As he uttered these words, a more thorough sense of his destitution (if he persevered in leaving the Mug) than he had hitherto felt rushed upon him; for Paul had designed for a while to throw himself on the hospitality of his Patagonian friend, and now that he found that friend was absent from London and on so dangerous an expedition, he was a little puzzled what to do with that treasure of intellect and wisdom which he carried about upon his legs. Already he had acquired sufficient penetration (for Charles Trywit and Harry Finish were excellent masters for initiating a man into the knowledge of the world) to perceive that a person, however admirable may be his qualities, does not readily find a welcome without a penny in his pocket. In the neighbourhood of Thames Court he had, indeed, many acquaintances; but the fineness of his language, acquired from his education, and the elegance of his air, in which he attempted to blend in happy association the gallant effrontery of Mr. Long Ned with the graceful negligence of Mr. Augustus Tomlinson, had made him many enemies among those acquaintances; and he was not willing—so great was our hero's pride—to throw himself on the chance of their welcome, or to publish, as it were, his exiled and crestfallen state. As for those boon companions who had assisted him in making a wilderness of his pockets, he had already found that that was the only species of assistance which they were willing to render him. In a word, he could not for the life of him conjecture in what quarter he should find the benefits of bed and board. While he stood with his finger to his lip, undecided and musing, but fully resolved at least on one thing,—not to return to the Mug,—little Dummie, who was a good-natured fellow at the bottom, peered up in his face, and said,—

"Vy, Paul, my kid, you looks down in the chops; cheer up,—care killed a cat!"

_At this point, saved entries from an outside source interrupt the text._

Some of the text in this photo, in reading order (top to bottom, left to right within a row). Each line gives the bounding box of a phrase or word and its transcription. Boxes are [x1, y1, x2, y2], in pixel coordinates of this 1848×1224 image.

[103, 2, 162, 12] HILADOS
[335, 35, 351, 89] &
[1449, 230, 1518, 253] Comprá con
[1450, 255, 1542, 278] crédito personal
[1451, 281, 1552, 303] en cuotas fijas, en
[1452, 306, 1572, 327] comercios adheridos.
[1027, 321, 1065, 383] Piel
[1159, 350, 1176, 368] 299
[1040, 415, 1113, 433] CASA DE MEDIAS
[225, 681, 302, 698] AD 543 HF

Observing that this appropriate and encouraging fact of natural history did not lessen the cloud upon Paul's brow, the acute Dummie Dunnaker proceeded at once to the grand panacea for all evils, in his own profound estimation.

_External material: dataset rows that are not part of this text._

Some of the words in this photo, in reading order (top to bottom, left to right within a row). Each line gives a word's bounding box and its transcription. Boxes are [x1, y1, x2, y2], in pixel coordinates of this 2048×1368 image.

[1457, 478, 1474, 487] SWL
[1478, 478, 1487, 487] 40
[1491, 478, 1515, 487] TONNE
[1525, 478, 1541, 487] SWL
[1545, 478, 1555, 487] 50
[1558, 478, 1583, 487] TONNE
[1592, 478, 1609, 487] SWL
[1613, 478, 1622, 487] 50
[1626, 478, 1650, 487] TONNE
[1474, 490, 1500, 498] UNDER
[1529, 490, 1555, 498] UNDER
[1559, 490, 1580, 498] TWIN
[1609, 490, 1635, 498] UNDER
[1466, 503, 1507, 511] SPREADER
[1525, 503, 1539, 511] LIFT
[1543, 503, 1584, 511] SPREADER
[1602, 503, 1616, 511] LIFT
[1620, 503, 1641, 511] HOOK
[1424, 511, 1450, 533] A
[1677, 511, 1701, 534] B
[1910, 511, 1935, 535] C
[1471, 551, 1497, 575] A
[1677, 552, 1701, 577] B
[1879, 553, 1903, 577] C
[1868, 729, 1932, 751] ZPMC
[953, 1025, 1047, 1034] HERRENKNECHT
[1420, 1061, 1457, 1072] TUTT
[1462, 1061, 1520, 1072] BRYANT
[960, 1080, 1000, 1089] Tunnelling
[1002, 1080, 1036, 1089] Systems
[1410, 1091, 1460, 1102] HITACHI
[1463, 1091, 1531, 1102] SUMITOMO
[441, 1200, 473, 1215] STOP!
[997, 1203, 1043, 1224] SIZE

"Paul, my ben cull," said he, with a knowing wink, and nudging the young gentleman in the left side, "vot do you say to a drop o' blue ruin? or, as you likes to be conish [genteel], I does n't care if I sports you a glass of port!" While Dunnaker was uttering this invitation, a sudden reminiscence flashed across Paul: he bethought him at once of MacGrawler; and he resolved forthwith to repair to the abode of that illustrious sage, and petition at least for accommodation for the approaching night. So soon as he had come to this determination, he shook off the grasp of the amiable Dummie, and refusing with many thanks his hospitable invitation, requested him to abstract from the dame's house, and lodge within his own until called for, such articles of linen and clothing as belonged to Paul and could easily be laid hold of, during one of the matron's evening siestas, by the shrewd Dunnaker. The merchant promised that the commission should be speedily executed; and Paul, shaking hands with him, proceeded to the mansion of MacGrawler.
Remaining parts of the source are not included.